Collected data:
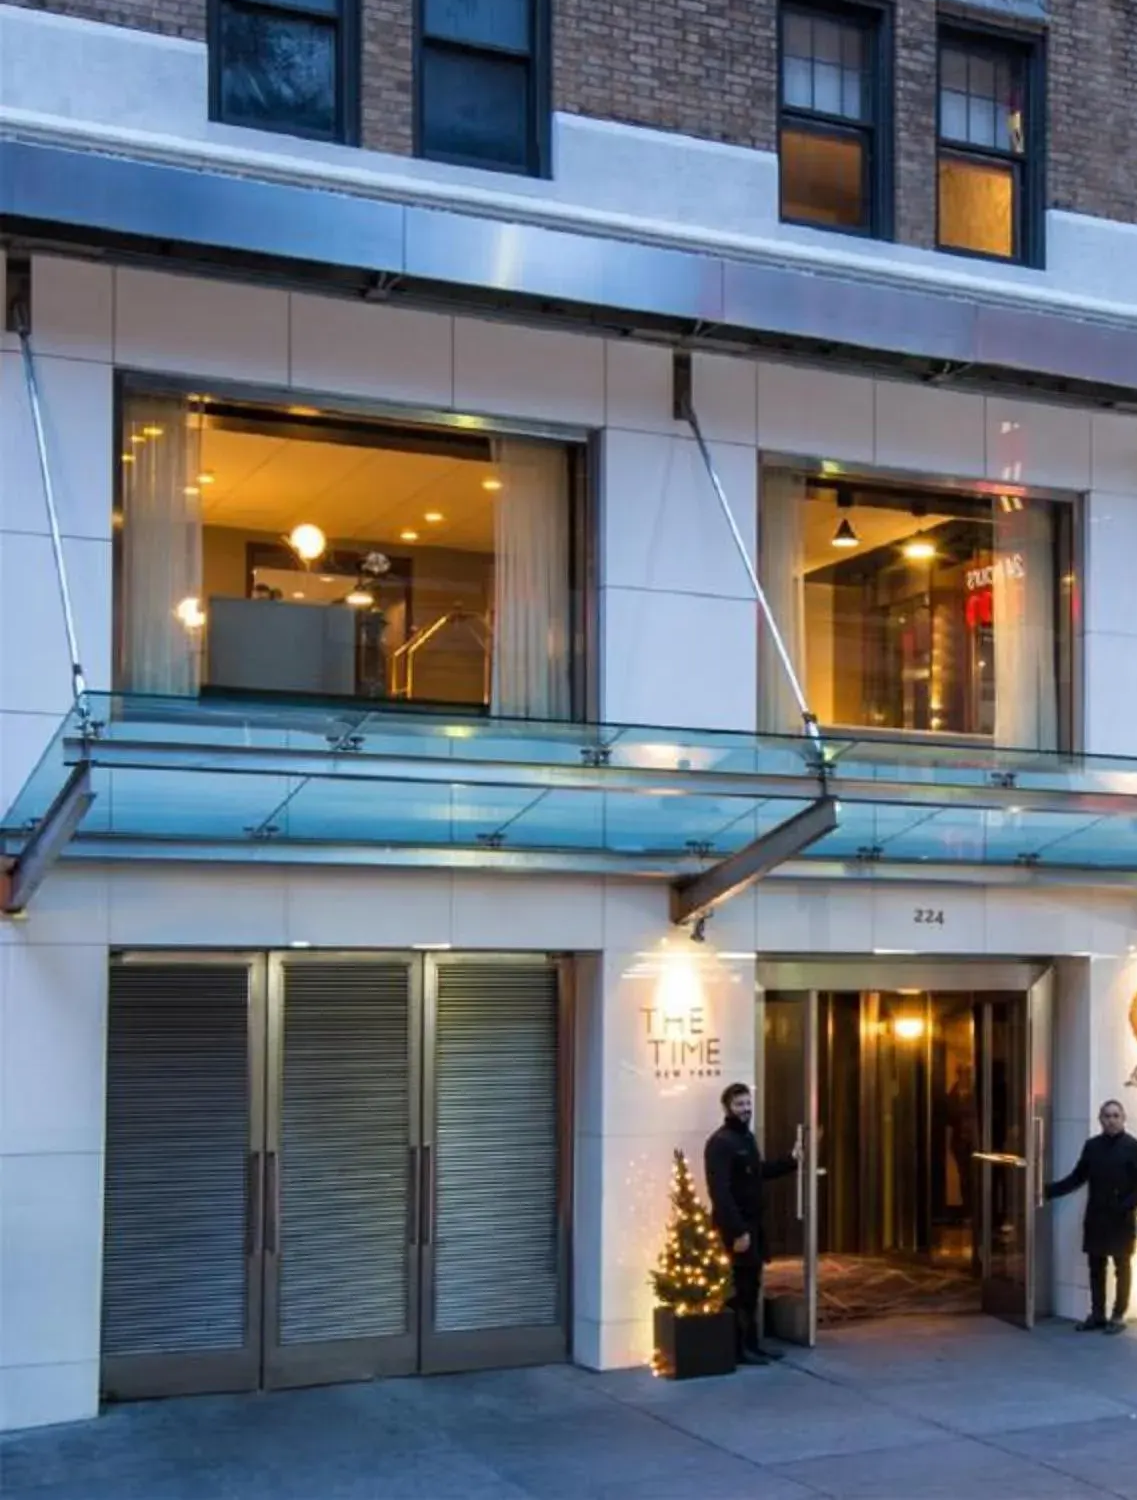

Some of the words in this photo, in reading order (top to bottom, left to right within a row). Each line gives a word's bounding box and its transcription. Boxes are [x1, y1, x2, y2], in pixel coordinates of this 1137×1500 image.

[913, 908, 945, 925] 224
[639, 1007, 704, 1035] THE
[647, 1038, 721, 1066] TIME
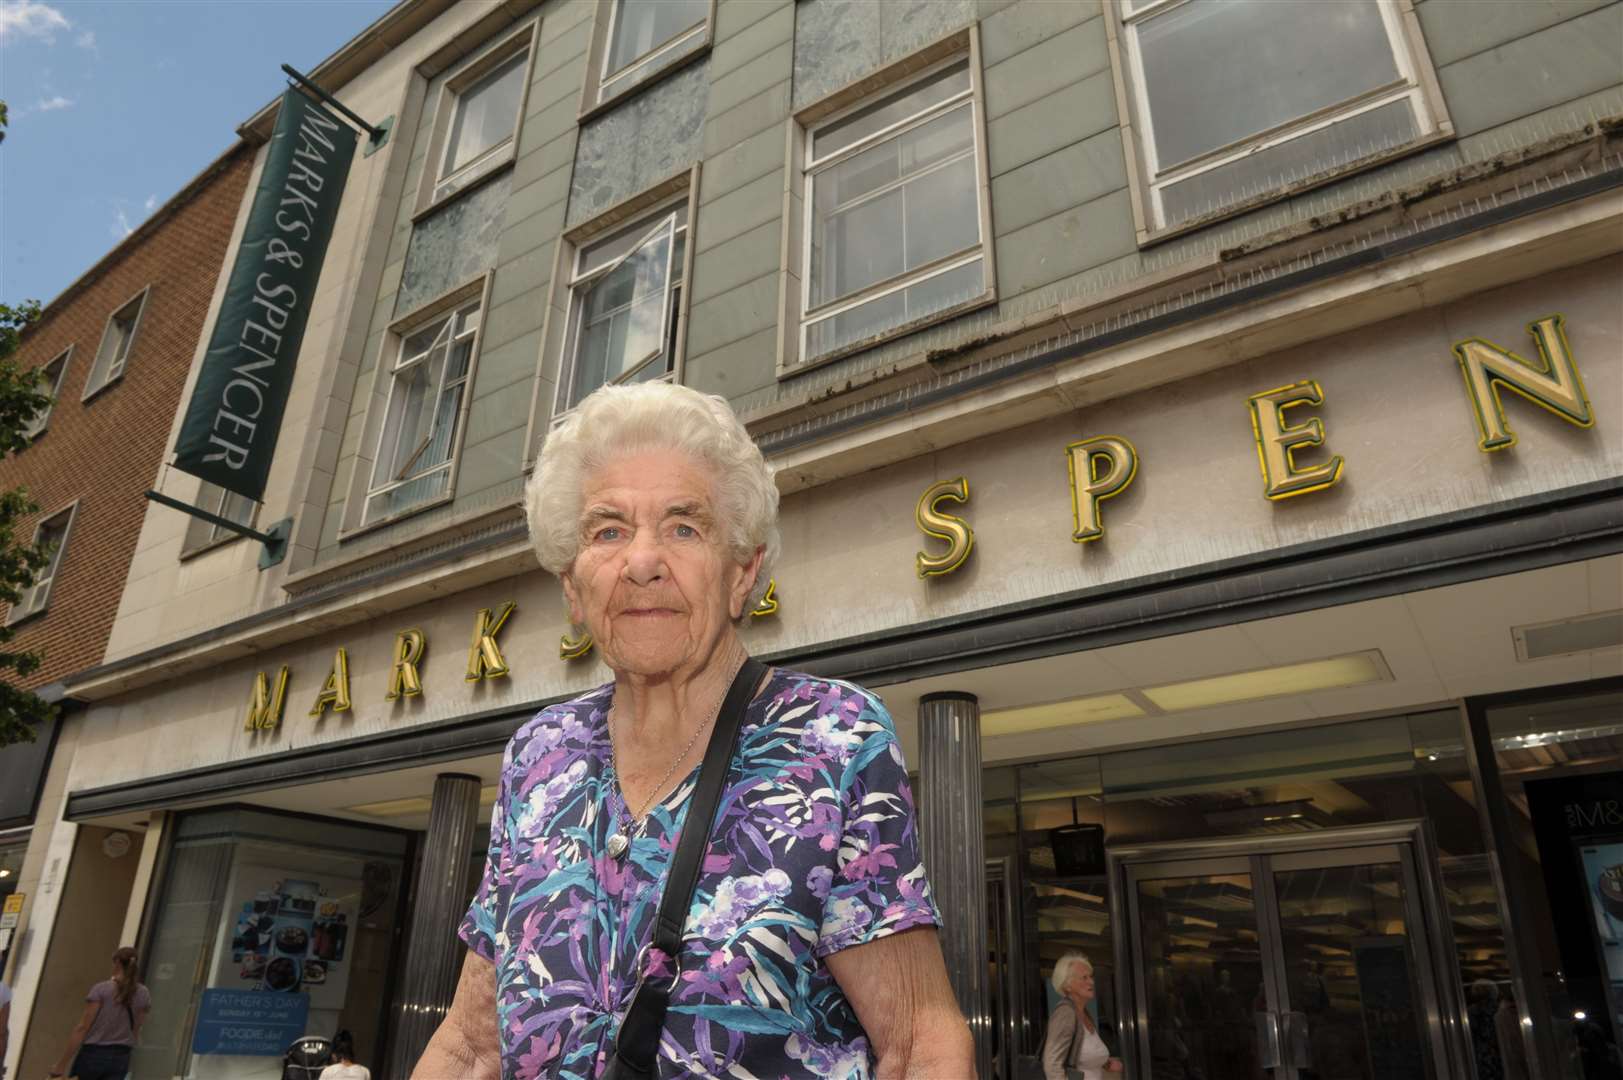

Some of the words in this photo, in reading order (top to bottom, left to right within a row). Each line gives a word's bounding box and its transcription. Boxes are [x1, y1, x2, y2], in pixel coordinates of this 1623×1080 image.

[275, 103, 340, 242] MARKS
[263, 237, 304, 270] &
[201, 272, 297, 471] SPENCER
[914, 312, 1594, 579] SPEN
[209, 993, 273, 1009] FATHER'S
[277, 998, 302, 1009] DAY
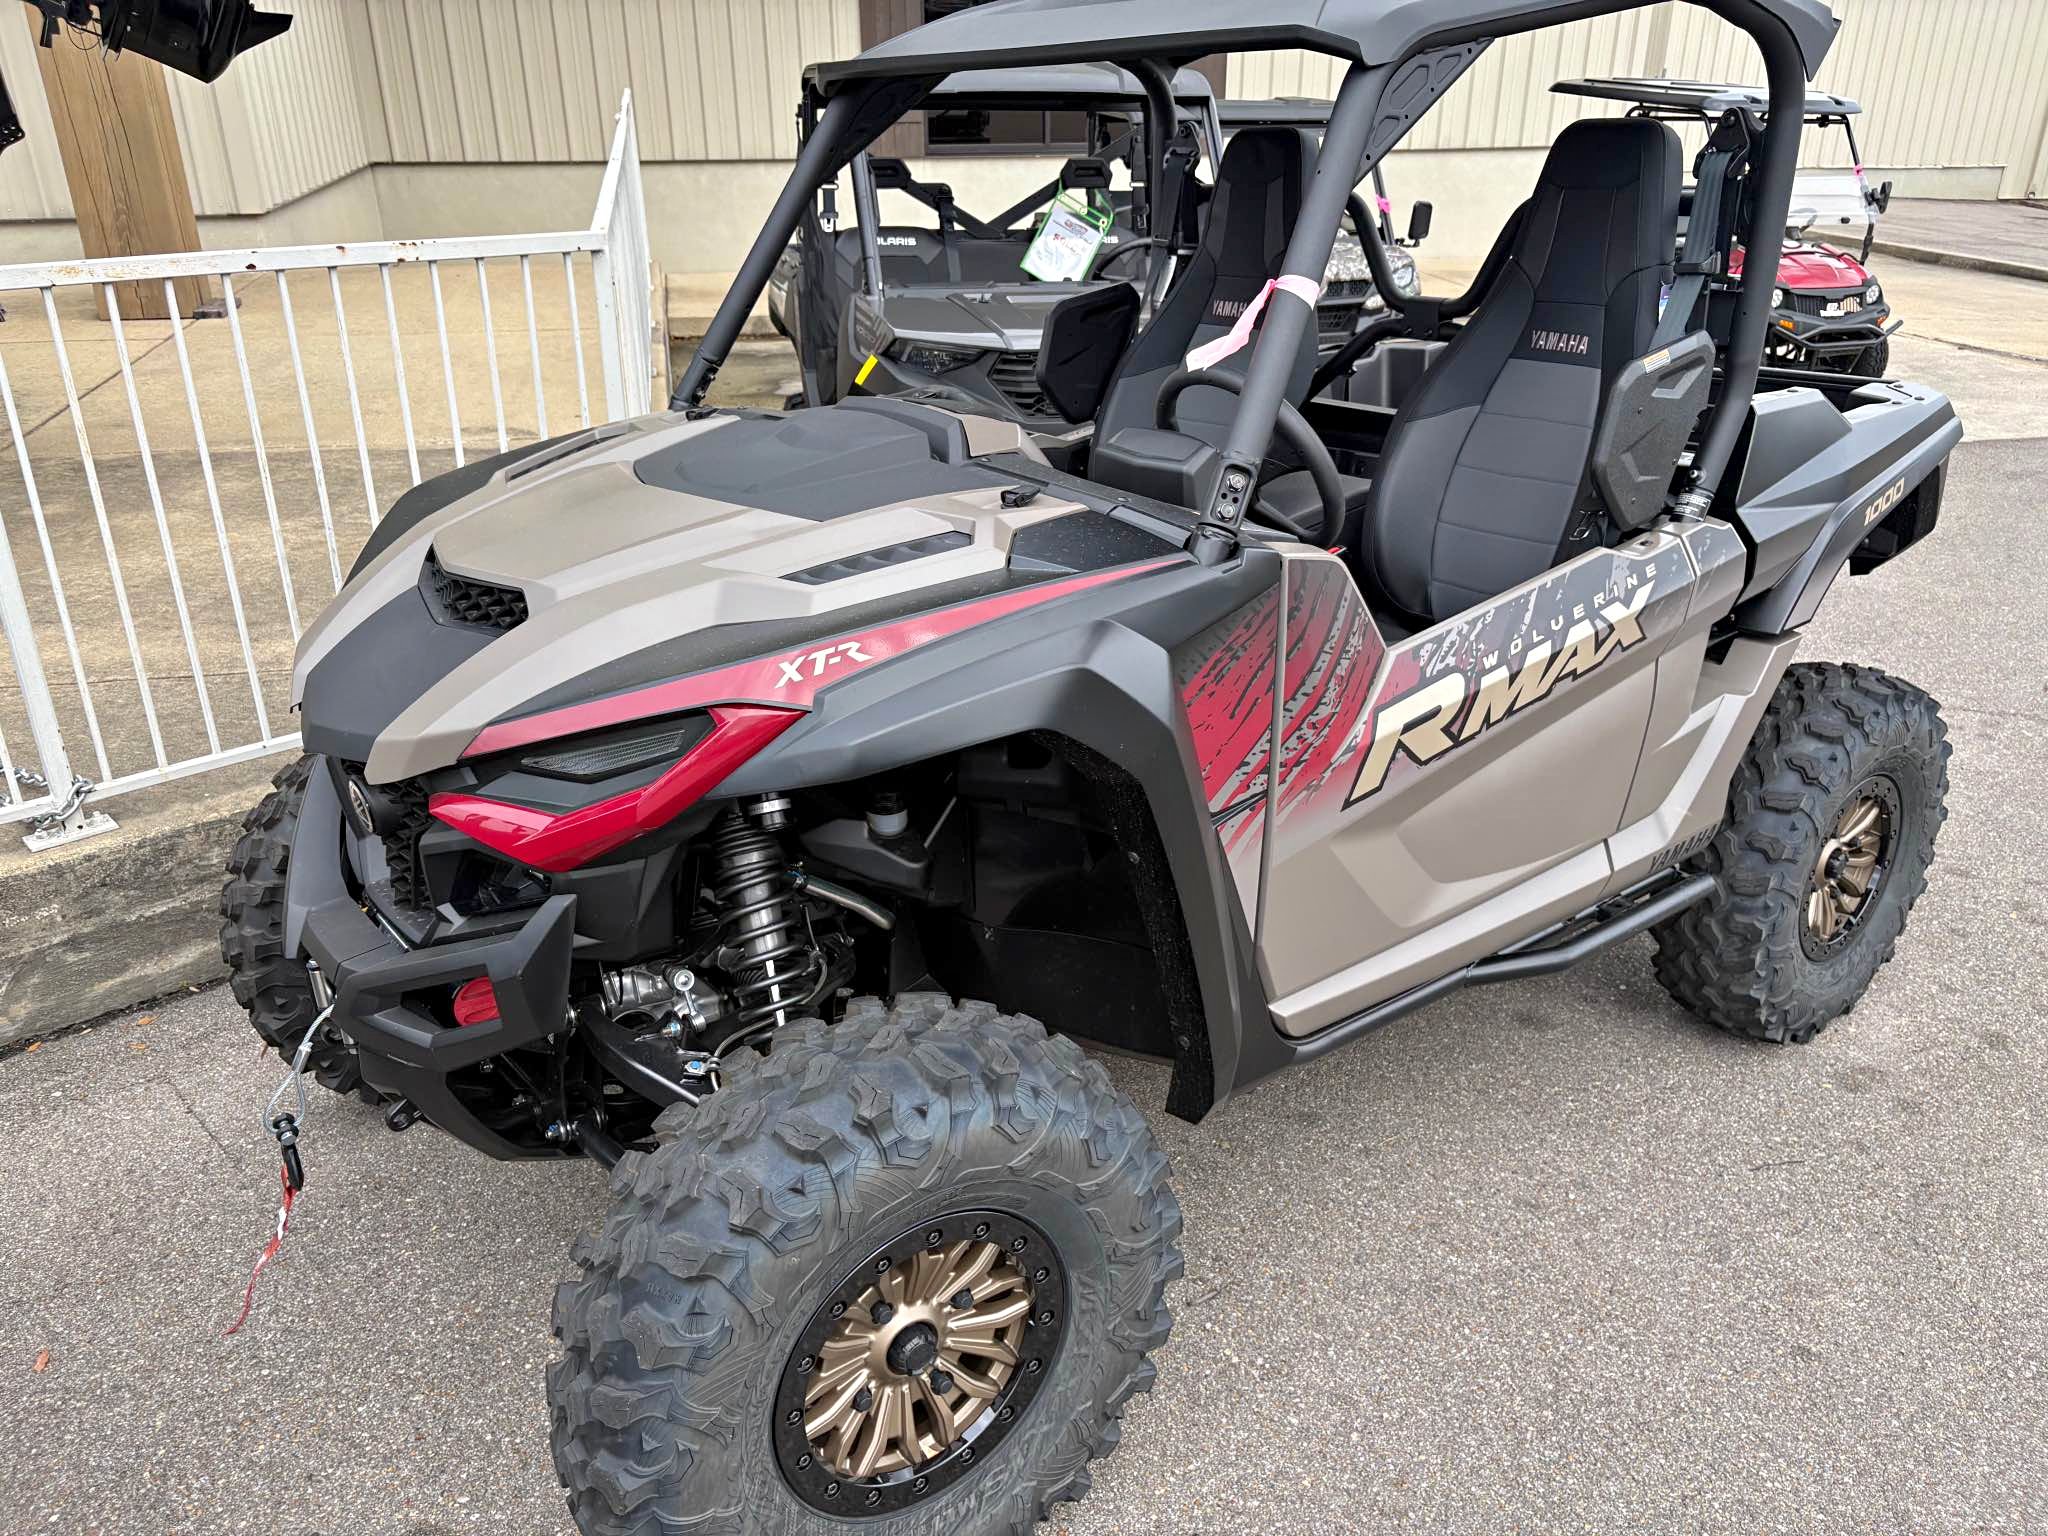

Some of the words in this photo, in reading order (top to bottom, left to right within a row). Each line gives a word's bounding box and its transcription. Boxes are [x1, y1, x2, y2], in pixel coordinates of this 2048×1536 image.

[1213, 299, 1249, 317] YAMAH
[1531, 329, 1589, 355] YAMAHA
[1864, 476, 1905, 526] 1000
[774, 641, 874, 689] XT-R
[1341, 578, 1657, 812] RMAX

> [Brief]: Only the lines from the one with "this 1623×1080 image." through the last line of the records above are wanted, copied exactly and with pictures omitted.

> [Answer box]:
Some of the words in this photo, in reading order (top to bottom, left to right within a row). Each line gives a word's bounding box and its transcription. Boxes are [x1, y1, x2, y2], in pixel coordinates of this 1623×1080 image.

[275, 103, 340, 242] MARKS
[263, 237, 304, 270] &
[201, 272, 297, 471] SPENCER
[914, 312, 1594, 579] SPEN
[209, 993, 273, 1009] FATHER'S
[277, 998, 302, 1009] DAY

Some of the words in this photo, in reading order (top to bottom, left to right within a row). Each line gives a word's bounding box and its transcription. Boxes are [x1, y1, x2, y2], in pixel coordinates of this 2048×1536 image.

[1213, 299, 1249, 317] YAMAH
[1531, 329, 1589, 355] YAMAHA
[1864, 476, 1905, 526] 1000
[774, 641, 874, 689] XT-R
[1341, 578, 1657, 812] RMAX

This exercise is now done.